### Problem details
Take the data that sits below and write it out again exactly.

### Records to process
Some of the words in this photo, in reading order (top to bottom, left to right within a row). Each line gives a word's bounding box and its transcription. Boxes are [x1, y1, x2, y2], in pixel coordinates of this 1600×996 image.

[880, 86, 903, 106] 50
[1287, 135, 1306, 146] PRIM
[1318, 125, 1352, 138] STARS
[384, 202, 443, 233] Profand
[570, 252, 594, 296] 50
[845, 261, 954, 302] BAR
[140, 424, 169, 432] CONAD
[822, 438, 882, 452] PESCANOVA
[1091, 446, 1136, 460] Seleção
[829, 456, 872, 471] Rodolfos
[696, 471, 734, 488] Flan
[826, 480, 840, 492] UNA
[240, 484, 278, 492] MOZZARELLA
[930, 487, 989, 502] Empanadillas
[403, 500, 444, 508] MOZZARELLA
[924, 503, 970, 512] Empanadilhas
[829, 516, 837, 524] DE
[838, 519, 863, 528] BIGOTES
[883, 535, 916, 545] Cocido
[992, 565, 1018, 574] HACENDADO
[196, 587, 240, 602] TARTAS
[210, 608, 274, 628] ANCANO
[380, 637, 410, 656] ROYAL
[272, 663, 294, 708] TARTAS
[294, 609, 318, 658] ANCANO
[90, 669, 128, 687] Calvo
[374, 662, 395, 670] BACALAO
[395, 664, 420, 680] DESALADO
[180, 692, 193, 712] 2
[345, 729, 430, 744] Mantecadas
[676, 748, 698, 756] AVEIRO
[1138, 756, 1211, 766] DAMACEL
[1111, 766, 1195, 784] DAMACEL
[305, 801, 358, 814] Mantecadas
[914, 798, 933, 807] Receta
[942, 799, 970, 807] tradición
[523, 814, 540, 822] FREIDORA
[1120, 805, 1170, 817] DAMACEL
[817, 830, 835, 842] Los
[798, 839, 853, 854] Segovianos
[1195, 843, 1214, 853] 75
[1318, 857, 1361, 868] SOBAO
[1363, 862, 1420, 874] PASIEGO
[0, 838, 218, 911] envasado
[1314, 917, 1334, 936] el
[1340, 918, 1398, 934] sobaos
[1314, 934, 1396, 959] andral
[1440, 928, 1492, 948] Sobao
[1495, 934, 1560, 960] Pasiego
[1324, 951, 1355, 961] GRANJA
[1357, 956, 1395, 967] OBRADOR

### Answer space
Some of the words in this photo, in reading order (top to bottom, left to right within a row). Each line gives a word's bounding box and its transcription. Boxes are [x1, y1, x2, y2], in pixel coordinates of this 1600×996 image.

[880, 86, 903, 106] 50
[1287, 135, 1306, 146] PRIM
[1318, 125, 1352, 138] STARS
[384, 202, 443, 233] Profand
[570, 252, 594, 296] 50
[845, 261, 954, 302] BAR
[140, 424, 169, 432] CONAD
[822, 438, 882, 452] PESCANOVA
[1091, 446, 1136, 460] Seleção
[829, 456, 872, 471] Rodolfos
[696, 471, 734, 488] Flan
[826, 480, 840, 492] UNA
[240, 484, 278, 492] MOZZARELLA
[930, 487, 989, 502] Empanadillas
[403, 500, 444, 508] MOZZARELLA
[924, 503, 970, 512] Empanadilhas
[829, 516, 837, 524] DE
[838, 519, 863, 528] BIGOTES
[883, 535, 916, 545] Cocido
[992, 565, 1018, 574] HACENDADO
[196, 587, 240, 602] TARTAS
[210, 608, 274, 628] ANCANO
[380, 637, 410, 656] ROYAL
[272, 663, 294, 708] TARTAS
[294, 609, 318, 658] ANCANO
[90, 669, 128, 687] Calvo
[374, 662, 395, 670] BACALAO
[395, 664, 420, 680] DESALADO
[180, 692, 193, 712] 2
[345, 729, 430, 744] Mantecadas
[676, 748, 698, 756] AVEIRO
[1138, 756, 1211, 766] DAMACEL
[1111, 766, 1195, 784] DAMACEL
[305, 801, 358, 814] Mantecadas
[914, 798, 933, 807] Receta
[942, 799, 970, 807] tradición
[523, 814, 540, 822] FREIDORA
[1120, 805, 1170, 817] DAMACEL
[817, 830, 835, 842] Los
[798, 839, 853, 854] Segovianos
[1195, 843, 1214, 853] 75
[1318, 857, 1361, 868] SOBAO
[1363, 862, 1420, 874] PASIEGO
[0, 838, 218, 911] envasado
[1314, 917, 1334, 936] el
[1340, 918, 1398, 934] sobaos
[1314, 934, 1396, 959] andral
[1440, 928, 1492, 948] Sobao
[1495, 934, 1560, 960] Pasiego
[1324, 951, 1355, 961] GRANJA
[1357, 956, 1395, 967] OBRADOR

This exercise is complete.